In the movie, this is condensed into only one day. Gawain wakes up with the Lady creepily watching him sleep, wearing the Girdle of Invincibility that Morgana made for him. She invites him into bed and offers him the Girdle, reminding him that it can render him invincible. The scene gets a bit weird after that-- sex acts of some sort ensue, and the Lady walks away, leaving Gawain with post-coital shame and the Girdle.
Upset, Gawain grabs his stuff and makes to leave. Along the way he runs into the Lord in the middle of his hunt, and he declares that he's going to meet the Green Knight a day early. Citing their game, the Lord presents Gawain with The Fox (who is alive despite having been caught by a hunter, hmmm) and requests Gawain's "winnings" in return-- which he claims by stealing a kiss. I dunno about you, but it seemed to me that Gawain was Into It, at least before he remembers to be freaked out and runs off.
He's nearly at the place where he's to meet the Green Knight when the fox stops him.

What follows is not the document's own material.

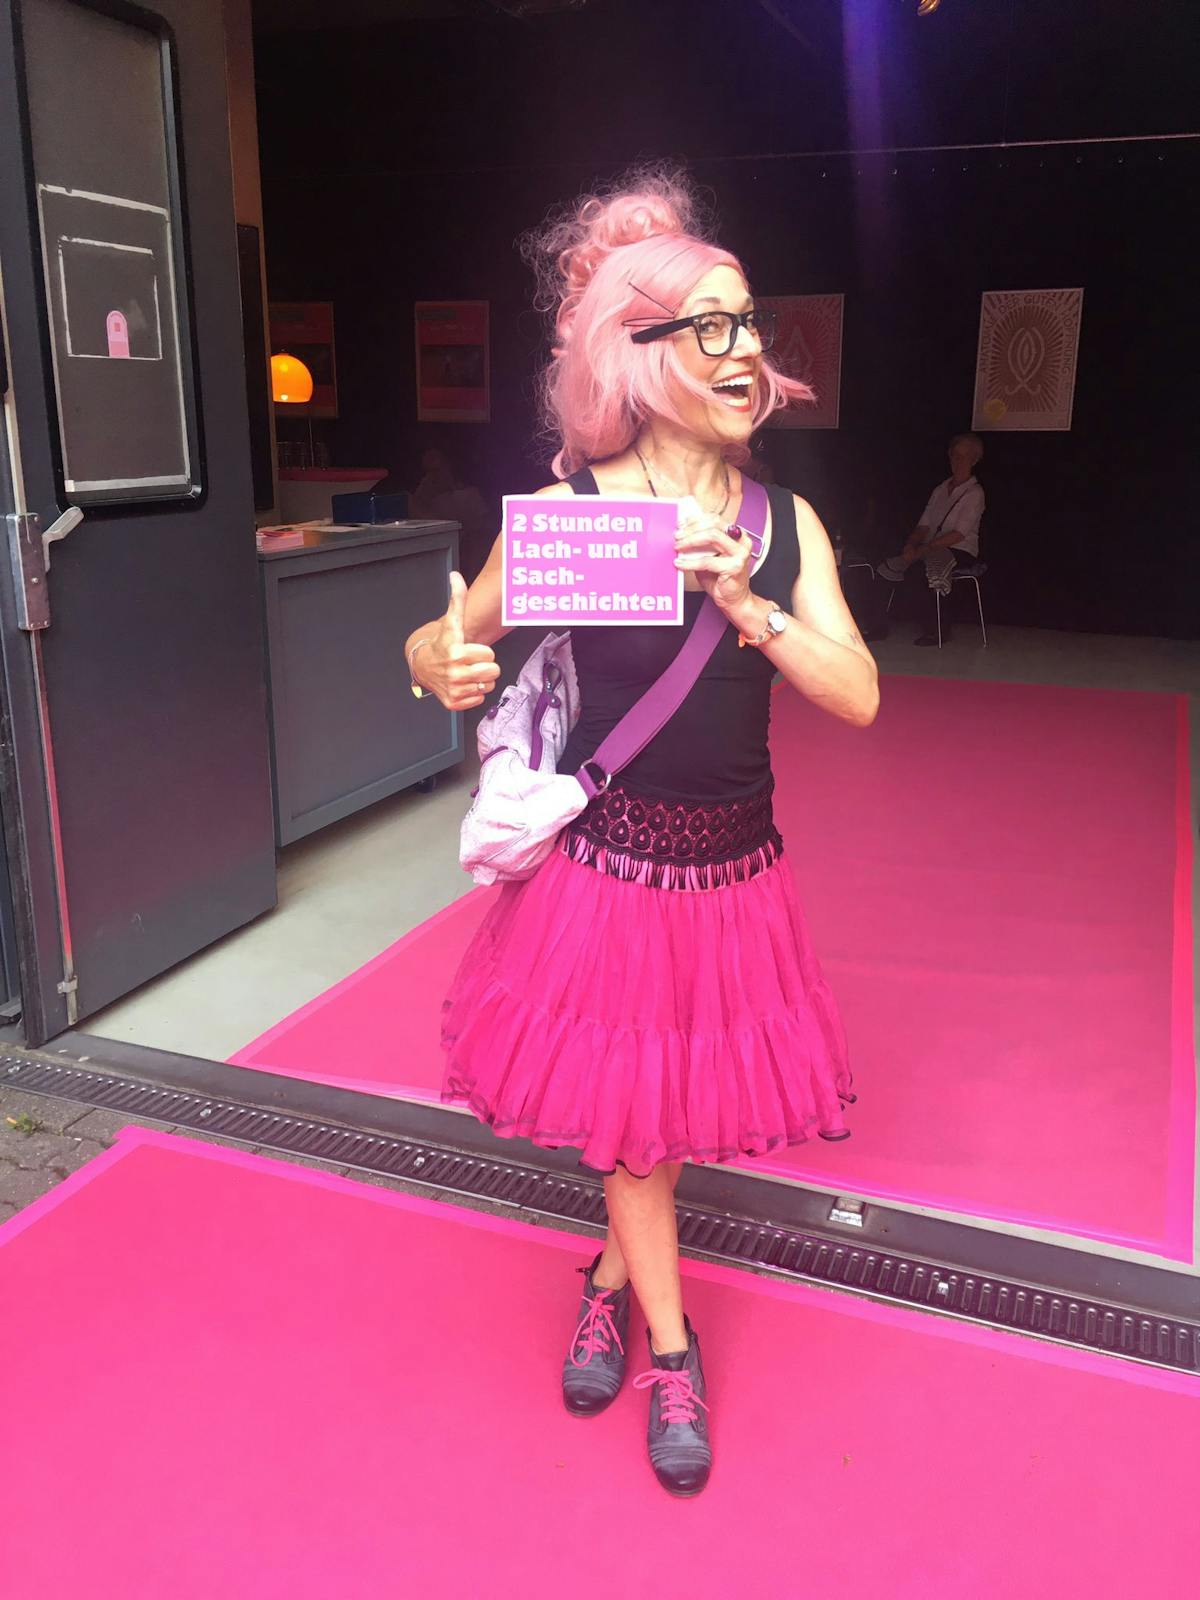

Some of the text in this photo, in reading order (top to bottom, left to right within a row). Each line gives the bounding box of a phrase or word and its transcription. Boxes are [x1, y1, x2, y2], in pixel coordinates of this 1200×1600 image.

Now it starts talking, its voice shifting from masculine to feminine. It tells him that he's done a great job, and he can turn back right now and go home and nobody will know but the two of them. He doesn't have to go through with this. But Gawain, determined to fulfil his quest, drives the Fox off once again and goes the last bit alone.
Here he meets the Green Knight in the ruins of an old chapel, though because he's early the Green Knight is little more than a statue, awake but unmoving until the appointed Christmas Day. All the while Gawain just has to sit there and stew in the knowledge that he's gonna die. Finally the Green Knight stirs, asks Gawain if he's ready to die, and readies the axe that Gawain returned to him.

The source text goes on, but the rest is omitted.